What the Hell was that?

My heart was beating quicker than the beat of a thrash metal tune and the sweat was still coming from me. Pushing back the covers, I stumbled to the hallway and down to the kitchen where I poured myself a glass of nice cold water hoping that it would indeed cool me down.

The images were still flashing in my mind; the man named William; looking at me with that dangerous look. My skin was back to crawling from the creepy feeling that had been present in my dream.........or memory, whatever the fuck that had been. Reaching for my smokes, I lit up and inhaled deeply in the hope that it would also assist on the fact that I needed to calm down.

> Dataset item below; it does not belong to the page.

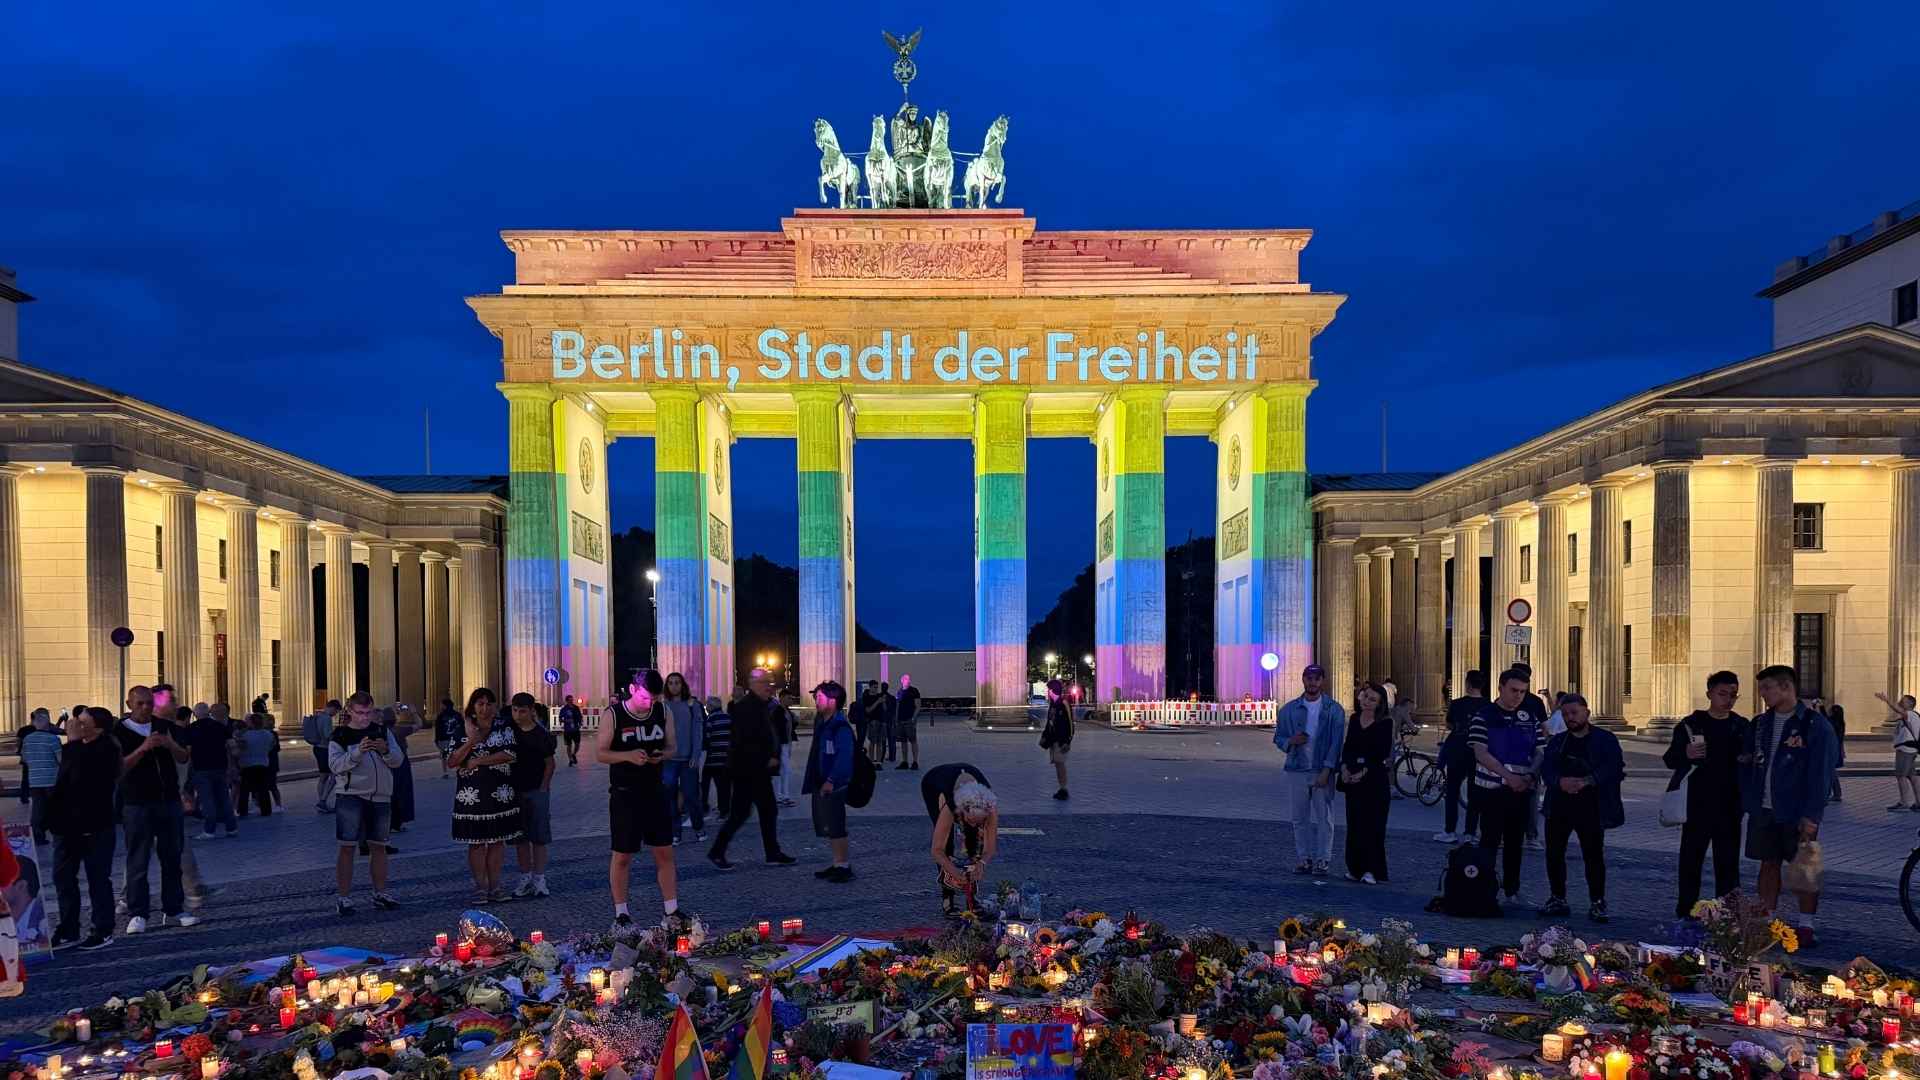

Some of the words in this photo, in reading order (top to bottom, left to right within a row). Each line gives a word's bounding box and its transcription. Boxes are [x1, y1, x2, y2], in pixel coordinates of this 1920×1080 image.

I had never experienced anything like this before; I had the usual dreams and nightmares of being chased by demons or bad guys; never anything that had been this vivid and played out so consecutively before. It had flowed like a memory and it had come to the point where, thankfully, my mind had woken me before I could experience my own death – or what had felt like would be my own death. Grabbing a handful of kitchen paper towels, I placed it under the facet and then placed the cold cloth to my neck. This was insane – this couldn't be real and the more that I thought about it the more it seemed like a crazy idea. Picking up the phone I dialled the number of the only person who could help calm me down.

"Hello?" my Father answered almost instantly.

"Hey Daddy, it's just me," I smiled remembering how much he had loved me and how important he had been while I was growing up – and just like that, with only one word from him, I felt myself begin to calm down.

"Hey pumpkin, how's things? Are you alright?" he asked slipping into papa mode instantly.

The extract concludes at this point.